– Si la política no se ocupa de describir críticamente los excesos del arte ¿por qué el arte debería ocuparse de las exageraciones de la política?
– Durante siglos y siglos el arte fue uno de los instrumentos claves en la historia de la relación de los sentidos con la memoria, al punto que no faltó quien afirmara que la práctica artística debería describirse como una “versión sensible” de los hechos. Una traducción, una reserva, un código, un testeo ininterrumpido de los mecanismos de percepción de nuestra experiencia. Incluso ya en tiempos de autonomía artística. El arte siempre reelaboró la historia de los sentidos del mundo ¿o acaso no conocemos buena parte del pasado por lo que el arte nos cuenta?
-Siempre exigimos que el arte “diga” algo más de lo que ya dice. Y cuando creemos que no dice lo suficiente, lo hacemos decir aun más. Estamos enfermos de voluntad por multiplicar los discursos.
Hoy todos quieren ser críticos o curadores: los artistas, los historiadores, los periodistas, los galeristas, los escritores, ¡hasta muchos bloggers!. Es una de las mayores guerras culturales de esta época. Cada cual intenta imponer su sentido, su versión, su “clima”.
– Es la fisonomía del exceso de la contemporaneidad. Cada período lo tiene. En el último número de Otra Parte, Speranza glosa sigilosamente a Danto cuando subraya a Warhol preguntándose y afirmando, en 1963, acerca de la invasión arrolladora del arte pop: “¿Por qué un estilo habría de ser mejor que otro? Uno debería ser capaz de ser un expresionista abstracto una semana, un artista pop o un realista la siguiente, sin creer por eso que está dejando algo atrás”.
– Justo estaba leyendo una conferencia de Gilbert Durand en la que examina la “presión imaginaria” a la que estamos expuestos.
Ahí dice que “Paul Cézanne al comienzo del siglo XX, Vicent Van Gogh a fines del siglo XIX, no tenían más que malas litografías o raros grabados de algunas obras maestras de la pintura italiana como único “museo imaginario” (Malraux). Incluso en los aspectos escolar y pedagógico, los niños de mi generación no conocieron más que el Malet e Isaac miserablemente ilustrado o el Manual de Historia de Uby”. Hoy podemos investigar cada milímetro del Jardín de las Delicias en una calidad envidiable con sólo teclear unas pocas palabras.
– Disponemos de los pasados y de presentes (supuestamente) muy alejados al nuestro de otra forma. No pasa un solo día en el que no descubra en Youtube situaciones sobre las que había leído o conocía de oídas pero a las que jamás había tenido acceso.
Mi hermana ayer bajó la discografía completa de David Bowie: le llevó apenas unas horas, mientras que en su momento invertí un exceso de tiempo y recursos y no logré resultados ni lejanamente comparables.
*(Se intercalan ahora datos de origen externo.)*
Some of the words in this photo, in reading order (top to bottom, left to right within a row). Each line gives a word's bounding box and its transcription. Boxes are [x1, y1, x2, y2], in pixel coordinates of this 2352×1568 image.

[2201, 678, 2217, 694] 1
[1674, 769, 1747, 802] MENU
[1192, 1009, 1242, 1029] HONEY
– ¿El vintage no es uno de los puntos claves de esto? Sigo pensando que mientras el retro trata de recuperar el pasado, de volver “conceptualmente” el tiempo atrás (con toda la carga de nostalgia que esto conlleva), el vintage sólo utiliza pasados que tiene a mano como si fueran una provincia más del tiempo presente.
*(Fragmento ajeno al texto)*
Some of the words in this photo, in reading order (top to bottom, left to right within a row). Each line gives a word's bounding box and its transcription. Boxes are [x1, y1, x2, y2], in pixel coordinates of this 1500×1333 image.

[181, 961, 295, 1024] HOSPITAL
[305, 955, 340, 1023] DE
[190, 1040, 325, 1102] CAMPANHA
– Lo descolocado, como categoría, ya no implica únicamente a lo virtual, como pedía Virilio. Por el contrario, señala que los límites entre lo físico y lo virtual siguen registrando nuevas sacudidas. ¿No estaremos en los albores de un nuevo capitulo del Tao de lo virtual? ¿No será que lo físico tiene su cuota de virtualidad y al revés?
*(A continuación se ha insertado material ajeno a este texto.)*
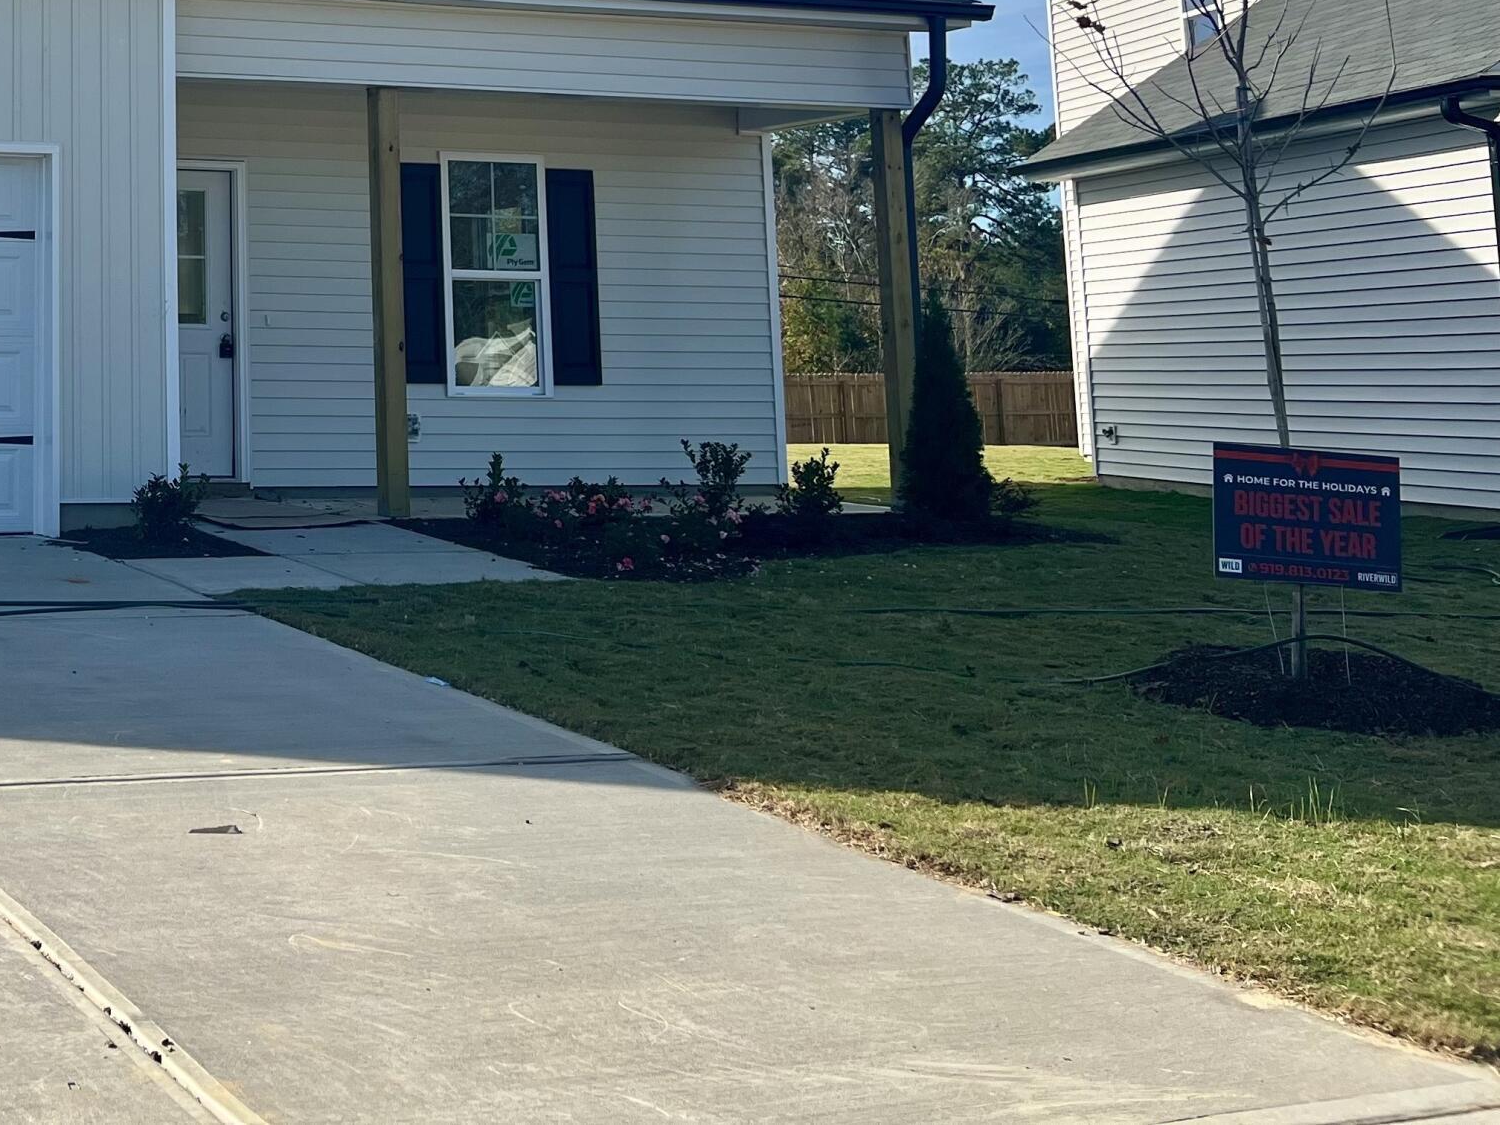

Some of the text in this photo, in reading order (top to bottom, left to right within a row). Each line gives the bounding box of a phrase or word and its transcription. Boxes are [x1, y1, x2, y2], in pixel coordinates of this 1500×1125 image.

[507, 258, 518, 266] Ply
[1236, 475, 1377, 495] HOME FOR THE HOLIDAYS
[1234, 489, 1382, 527] BIGGEST SALE
[1240, 522, 1377, 559] OF THE YEAR
[1221, 560, 1240, 571] WILD
[1258, 562, 1349, 581] 919.813.0123
[1357, 572, 1397, 585] RIVERWILD
– Una polémica envejecida. En “Lo real y lo virtual”, Maldonado embistió contra la imputación de virtualización que Baudrillard adjudicó a la guerra del Golfo. ¿Pero es la misma razón virtual la de los medios, que los herederos de los teóricos frankfurtianos siguen denostando, que la de la web participativa, donde la viralidad transforma los controles en simulacros de video-games? Me gustó eso de “poéticas de la infoxicación”: Cézanne accedía a malas reproducciones, y en la red observamos que artistas de los más mediocres colgaron imágenes en alta definición de sus obras, síntoma que se multiplica hora tras hora.
– ¿Las instituciones no son acaso las que regulan ese flujo? ¿será por eso que todavía tantos reclaman una reelaboración de la autonomía de los mundos del arte? ¿Qué hacemos con ellas? ¿Las dinamitamos en un gesto radical como el que inauguraron para las vanguardias los futuristas o las protegemos como la última frontera frente a una barbarie que no conoce límites?